● TASK STATEMENT: Text in the records must be reproduced exactly, and pictures must be skipped.

[Dataset excerpts]

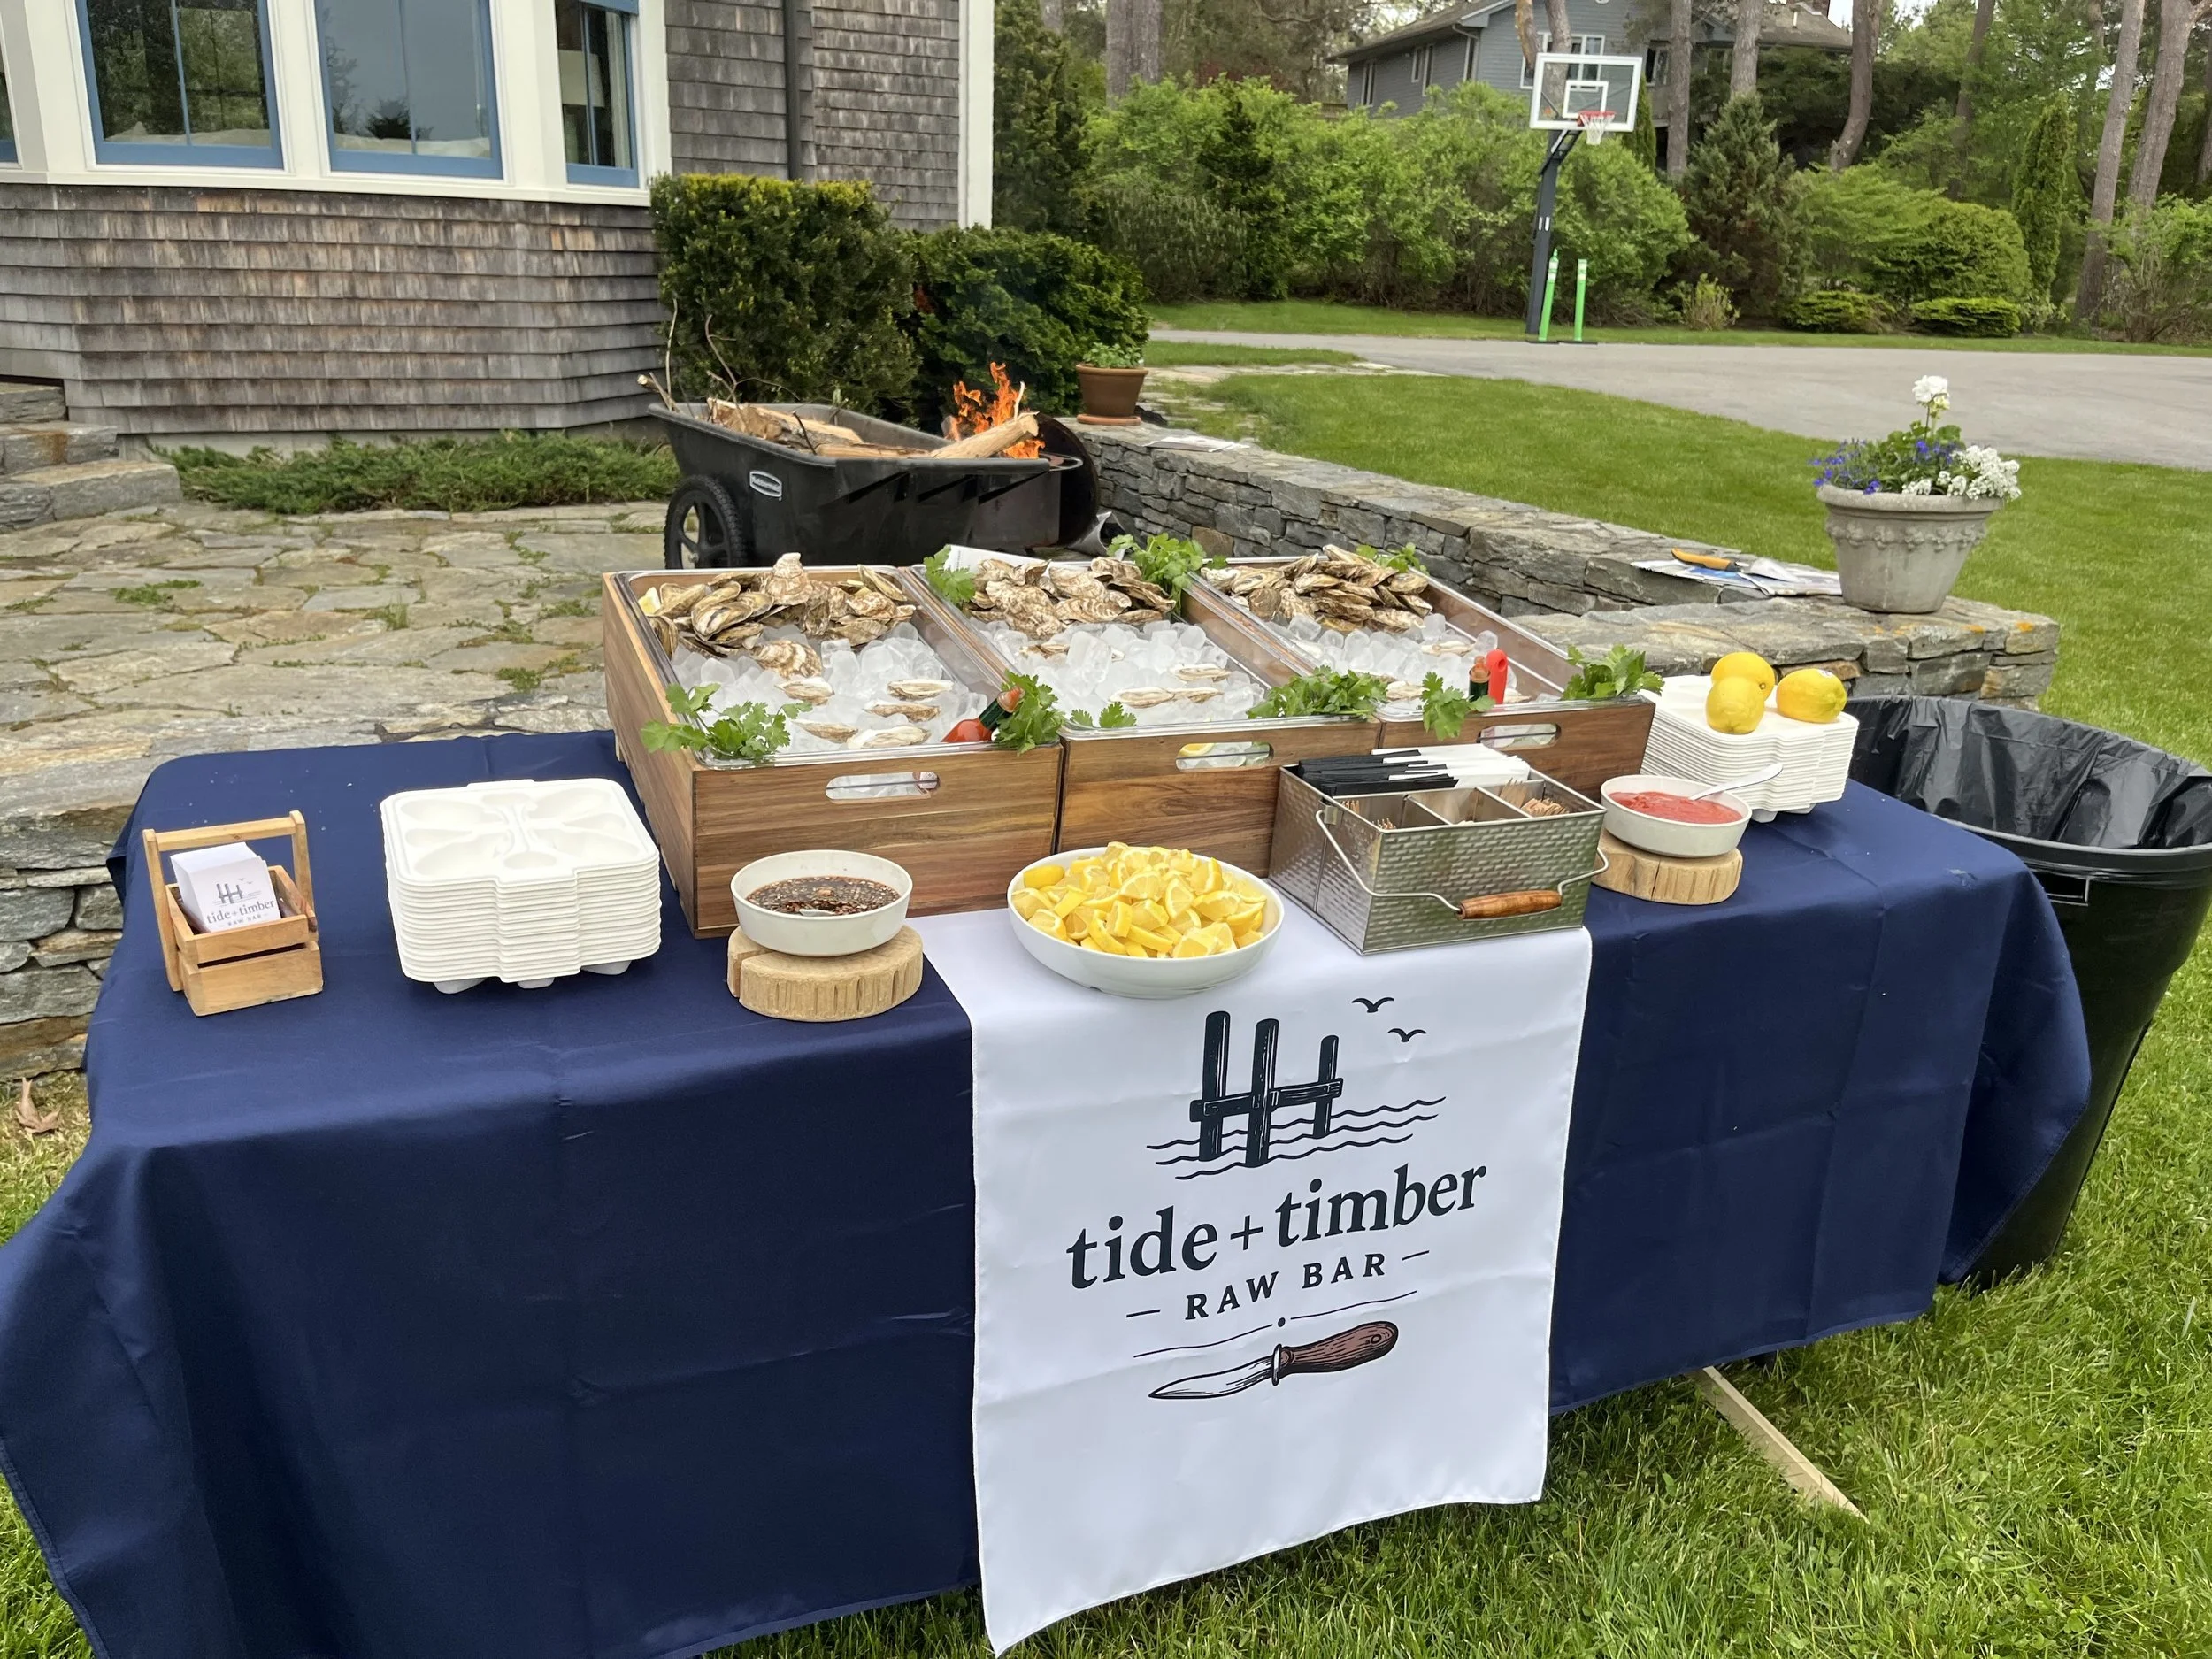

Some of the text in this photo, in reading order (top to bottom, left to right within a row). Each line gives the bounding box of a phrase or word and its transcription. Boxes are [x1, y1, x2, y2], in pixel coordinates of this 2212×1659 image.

[206, 910, 231, 924] tide
[239, 901, 274, 915] timber
[1065, 1163, 1487, 1289] tide + timber
[1184, 1253, 1386, 1321] RAW BAR
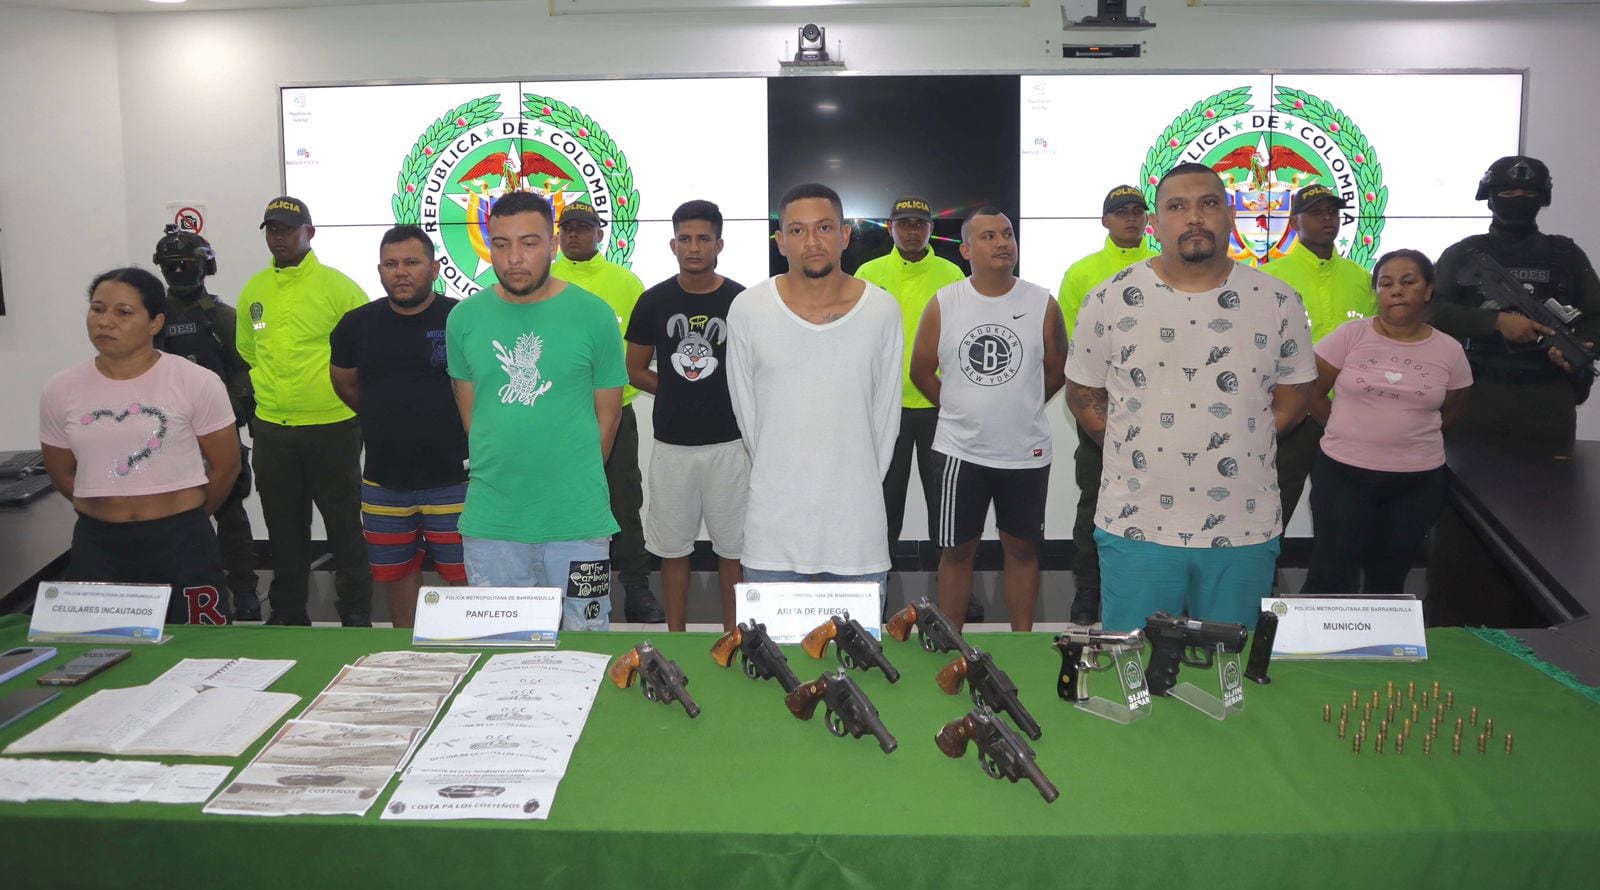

● RESULT OF THE TASK:
Some of the text in this photo, in reading order (top to bottom, left to right within a row). Each line gives the bounding box of a phrase or word and its transcription. Boxes are [x1, y1, x2, y2], in pixel coordinates of this 2212×1659 image.

[206, 910, 231, 924] tide
[239, 901, 274, 915] timber
[1065, 1163, 1487, 1289] tide + timber
[1184, 1253, 1386, 1321] RAW BAR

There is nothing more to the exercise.